The frost was on the village roofs as white as ocean foam; The good red fires were burning bright in every longshore home; The windows sparkled clear, and the chimneys volleyed out; And I vow we sniffed the victuals as the vessel went about.

The bells upon the church were rung with a mighty jovial cheer; For its just that I should tell you how (of all days of the year) This day of our adversity was blessed Christmas morn, And the house above the coastguards was the house where I was born.

O well I saw the pleasant room, the pleasant faces there, My mothers silver spectacles, my fathers silver hair; And well I saw the firelight, like a flight of homely elves Go dancing round the china-plates that stand upon the shelves!

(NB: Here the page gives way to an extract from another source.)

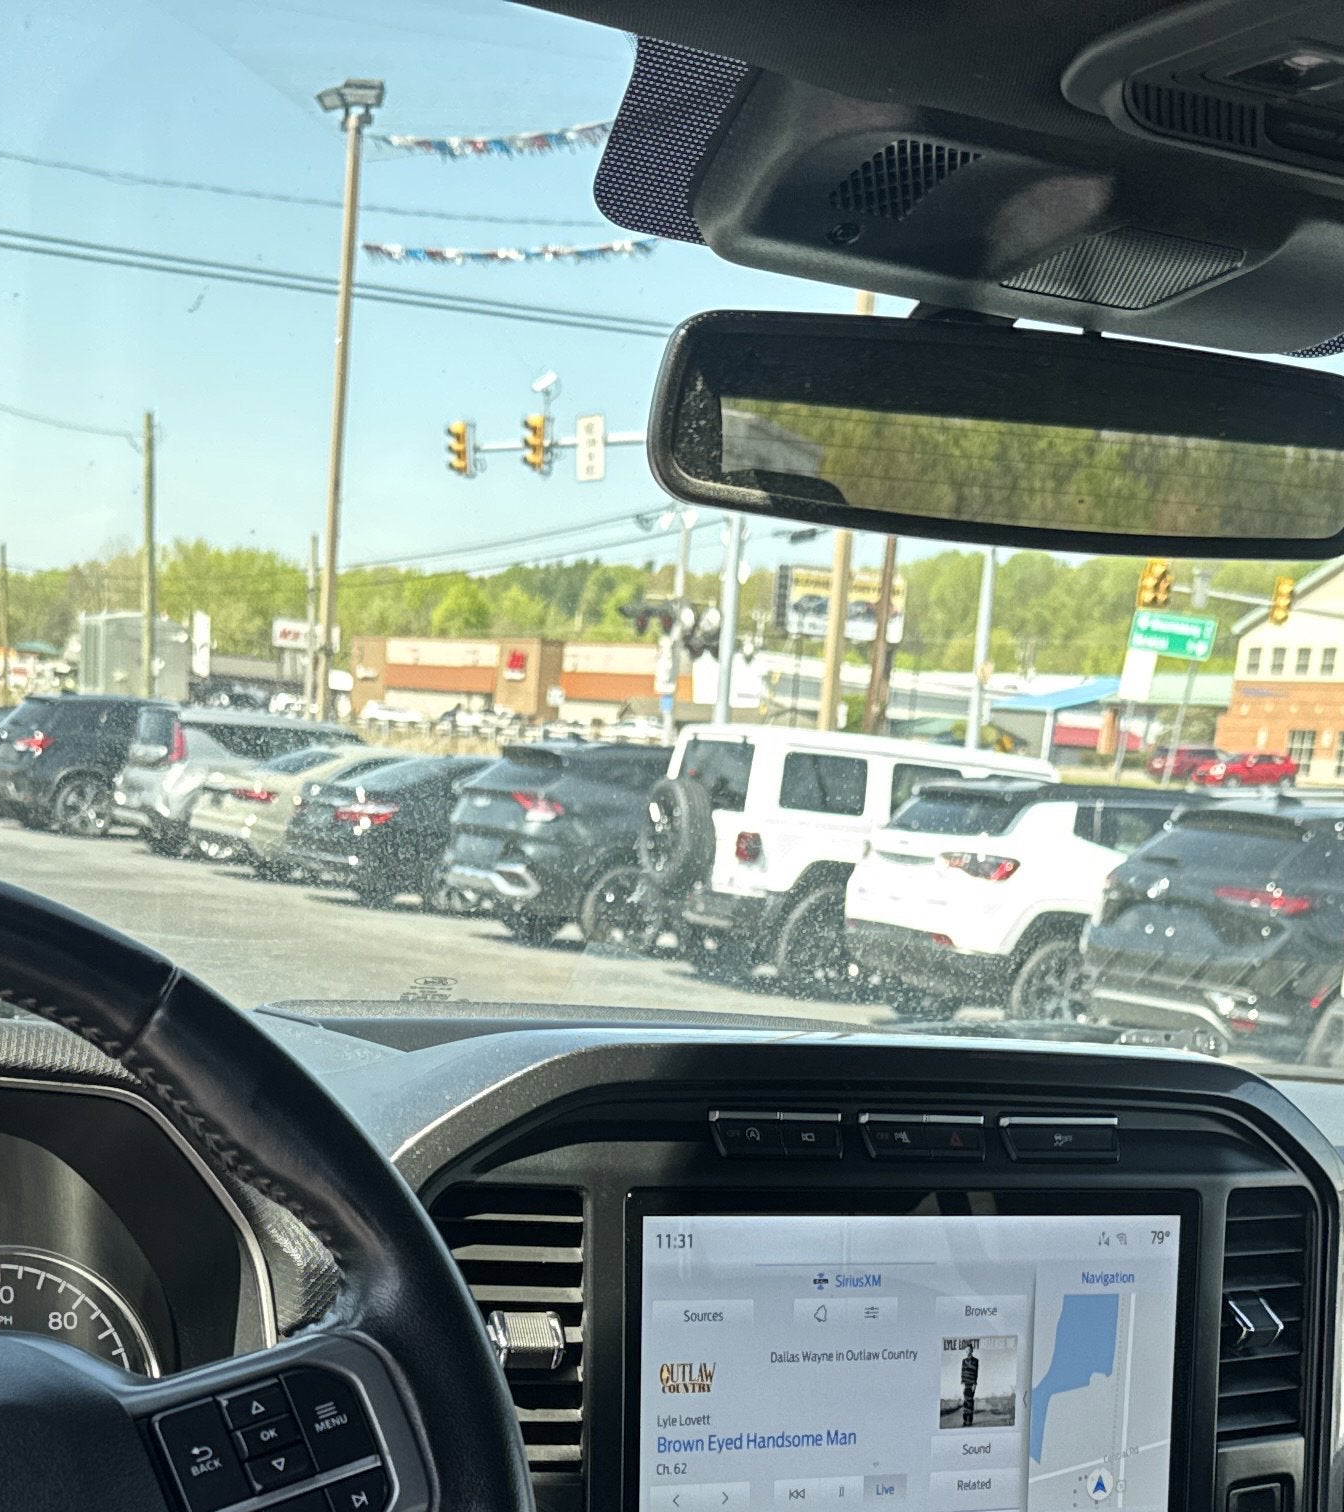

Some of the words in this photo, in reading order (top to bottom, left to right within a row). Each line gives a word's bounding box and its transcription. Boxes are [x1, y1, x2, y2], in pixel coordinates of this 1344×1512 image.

An well I knew the talk they had, the talk that was of me, Of the shadow on the household and the son that went to sea; An O the wicked fool I seemed, in every kind of way, To be here and hauling frozen ropes on blessed Christmas Day. They lit the high sea-light, and the dark began to fall. All hands to loose topgallant sails! I heard the captain call. By the Lord, she'll never stand it, our first mate Jackson cried. . . . It's the one way or the other, Mr. Jackson, he replied.

She staggered to her bearings, but the sails were new and good, And the ship smelt up to windward just as though she understood. As the winters day was ending, in the entry of the night, We cleared the weary headland, and passed below the light.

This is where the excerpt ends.